Philip Hammond’s survival depends on the success of his Autumn Budget

Hardline Brexiteers are out to get him – not because of his stewardship of the economy, but because he is a realist pursuing a soft Brexit
Hardline Brexiteers are out to get him – not because of his stewardship of the economy, but because he is a realist pursuing a soft Brexit

When Philip Hammond presented his Budget in March, he recalled that Norman Lamont was sacked as Chancellor 10 weeks after he too announced that the annual fiscal event would take place in the autumn rather than spring.

The joke could soon be on Hammond, who needs a successful Budget next month to avoid the same fate as Lamont. Hardline Brexiteers are out to get him – not because of his stewardship of the economy, but because he is a realist pursuing a soft Brexit to cushion its impact. “He is trying to stop the economy going belly up next year,” one Cabinet ally told me.

Theresa May agrees – in theory. But the practice may prove different. She is being urged by allies to carry out a Cabinet reshuffle, and would probably like to prise Boris Johnson out of the Foreign Office. But Hammond has antagonised the Brexiteers, and so if his Budget flops – like his first one in March – May will be under pressure to oust him as well to placate her Europhobic backbenchers.

Spooked by Jeremy Corbyn's appeal, the Tories are desperate to woo under-45s. So Hammond will use his Budget to play the generation game. Analysing the problem of inter-generational unfairness is the easy bit. Coming up with solutions is much harder; Hammond has little money to play with, while the Government’s lack of a Commons majority makes controversial measures hard to push through and best avoided.

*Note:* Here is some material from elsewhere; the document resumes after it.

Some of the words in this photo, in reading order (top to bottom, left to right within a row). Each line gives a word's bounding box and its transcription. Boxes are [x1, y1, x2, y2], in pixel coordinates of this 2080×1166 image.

A proposed “tax on age”, with a lower tax rate for twenty and thirtysomethings funded by higher taxes on older workers, might sound attractive but would be politically dangerous and I doubt it will happen. Rule one of politics is that voters who benefit from a policy change don’t necessarily thank you, while those who take a hit will hate you. Younger adults who don’t vote Tory might shrug their shoulders, while older ones who do might be alienated.

Rather that pit one generation against another, the Chancellor would be better advised to announce measures seen as fair by all age groups. An end or cut in stamp duty for first-time buyers is a strong Budget runner. Hammond should go much further, with a bold package to really boost housebuilding rather than just talk about it. That will require a shake-up of planning and Green Belt rules, more building on government-owned land and many more council houses than the paltry 5,000 a year announced at the Tory conference, given that 1.2 million are on the waiting list.

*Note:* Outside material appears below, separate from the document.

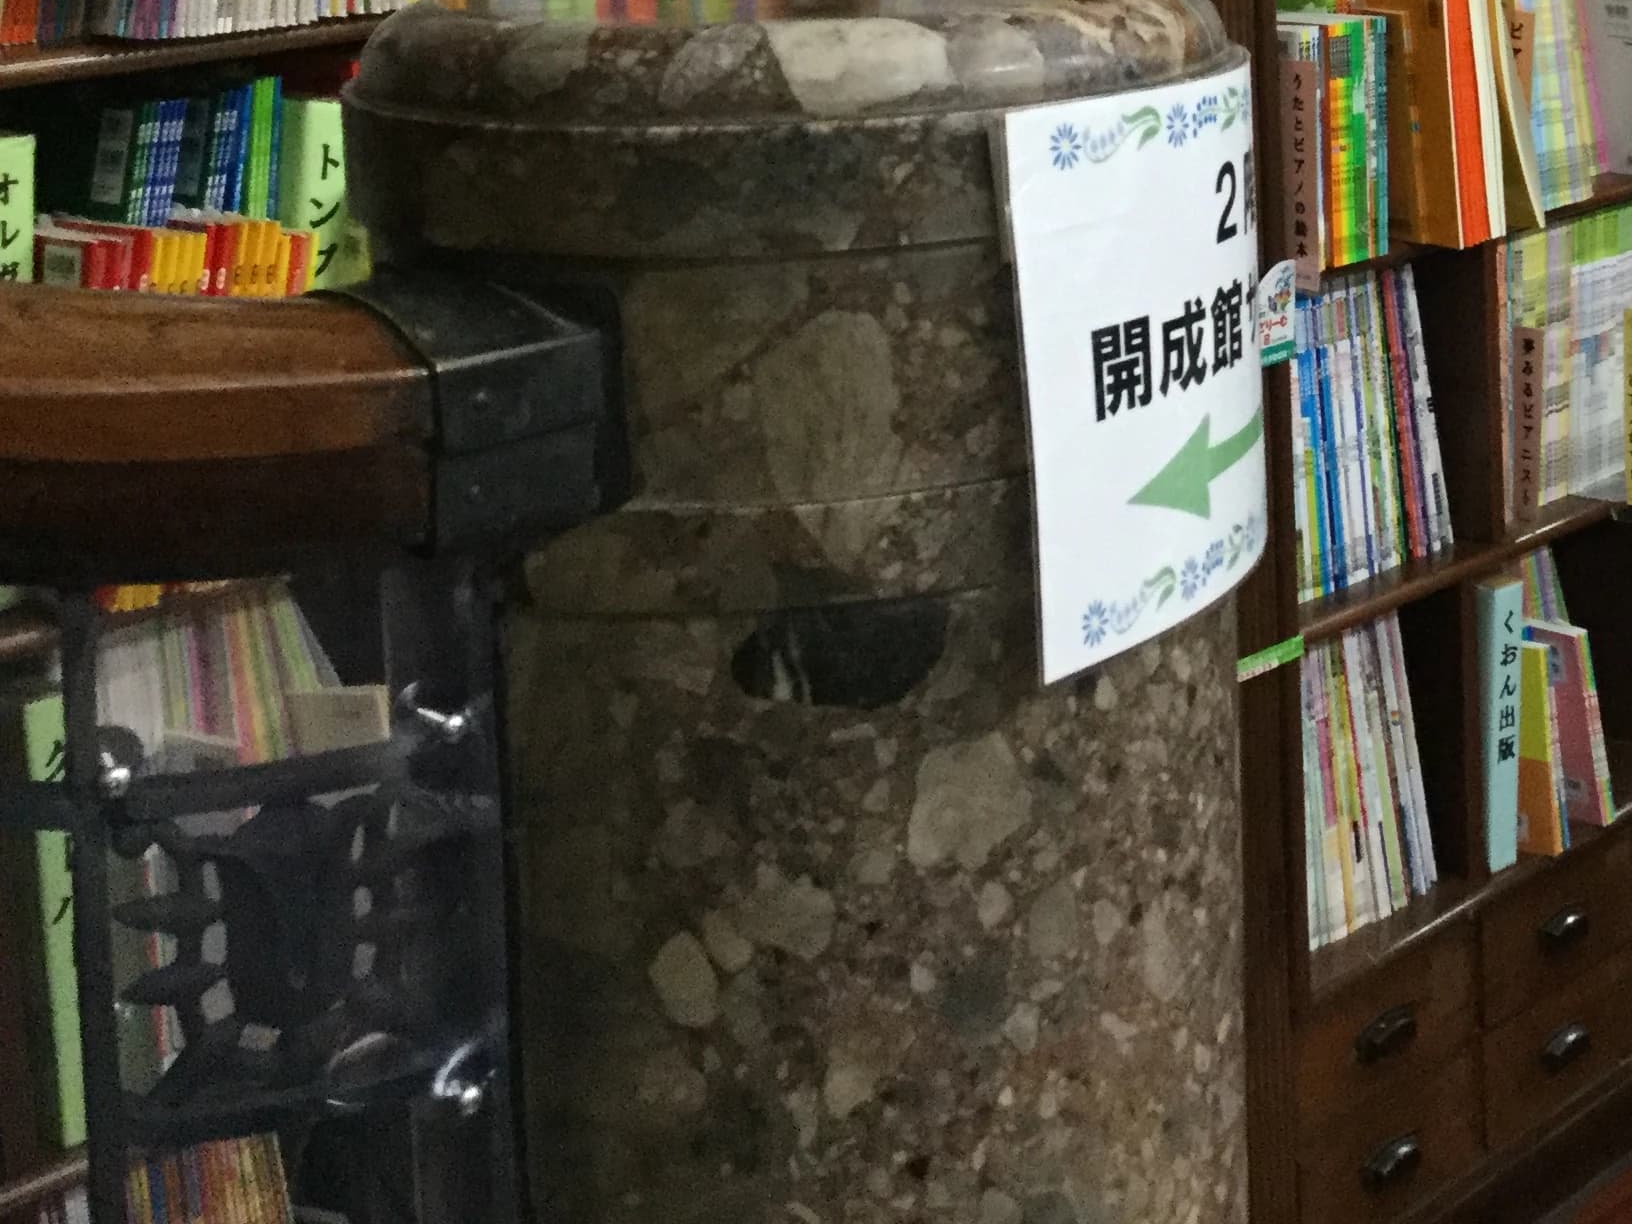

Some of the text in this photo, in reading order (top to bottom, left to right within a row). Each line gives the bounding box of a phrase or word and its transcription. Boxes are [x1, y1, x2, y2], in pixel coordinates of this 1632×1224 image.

[1521, 337, 1536, 507] 夢みるピアニスト
[1497, 609, 1518, 765] くおん出版

Lack of a decent pension is a time bomb for younger workers. Hammond could be radical by reforming tax relief on pension contributions, which is heavily skewed towards high earners, by making it worth 30 per cent for all, replacing the current 20, 40 and 45 per cent based on the saver’s highest income tax rate.

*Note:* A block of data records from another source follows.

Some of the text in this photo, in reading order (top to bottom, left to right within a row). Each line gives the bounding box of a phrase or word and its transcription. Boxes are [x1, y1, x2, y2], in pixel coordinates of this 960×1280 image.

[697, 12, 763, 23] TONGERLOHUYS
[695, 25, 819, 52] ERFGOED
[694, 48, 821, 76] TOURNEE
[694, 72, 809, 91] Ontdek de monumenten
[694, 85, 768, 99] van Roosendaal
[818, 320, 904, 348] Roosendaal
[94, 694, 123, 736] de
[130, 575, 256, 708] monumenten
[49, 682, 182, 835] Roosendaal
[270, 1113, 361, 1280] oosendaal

The Chancellor will no doubt trumpet the lifting of the public sector pay cap, though he should not expect any plaudits from those affected. The squeeze on workers and benefit claimants was highlighted by Tuesday’s news that inflation has risen to 3 per cent. This will widen the generation gap, as the state pension will increase by that amount in April. The Tory manifesto pledge to scrap the “triple lock” – under which pensions rise in line with prices, wages or 2.5 per cent, whichever is highest – was abandoned under pressure from the Democratic Unionist Party, whose votes May needs.

Hammond should tackle this unfairness by ending the four-year freeze on working age benefits, if necessary by using some of the reserve kitty he earmarked for the Brexit effect.

Torsten Bell, director of the Resolution Foundation and a former Treasury special adviser, said doing something about the lack of generational progress would not be easy, but right. “That should start with a clear focus on housing – building some rather than inflating existing prices through Help to Buy,” he said. “On tax and benefits, it means ending the idea that the working age population should bear the burden of tough times at the same time as their incomes are being squeezed. Reversing major benefit cuts set to be rolled out over the next few years is the first priority there. All state support, not just the state pension, should rise in line with much higher than expected inflation.”

Hammond should also pump some real money into technical education for those who don’t go to university. The Tories could outflank Labour on this, but will never be able to compete with Corbyn’s pledge to abolish university tuition fees. The freeze in fees at £9,250 a year, rushed out at the Tory conference, cut little ice and has now split the Cabinet.

To win back their lost voters under 45, the Tories will need to learn that they should not just appeal to their wallets, but also to their values.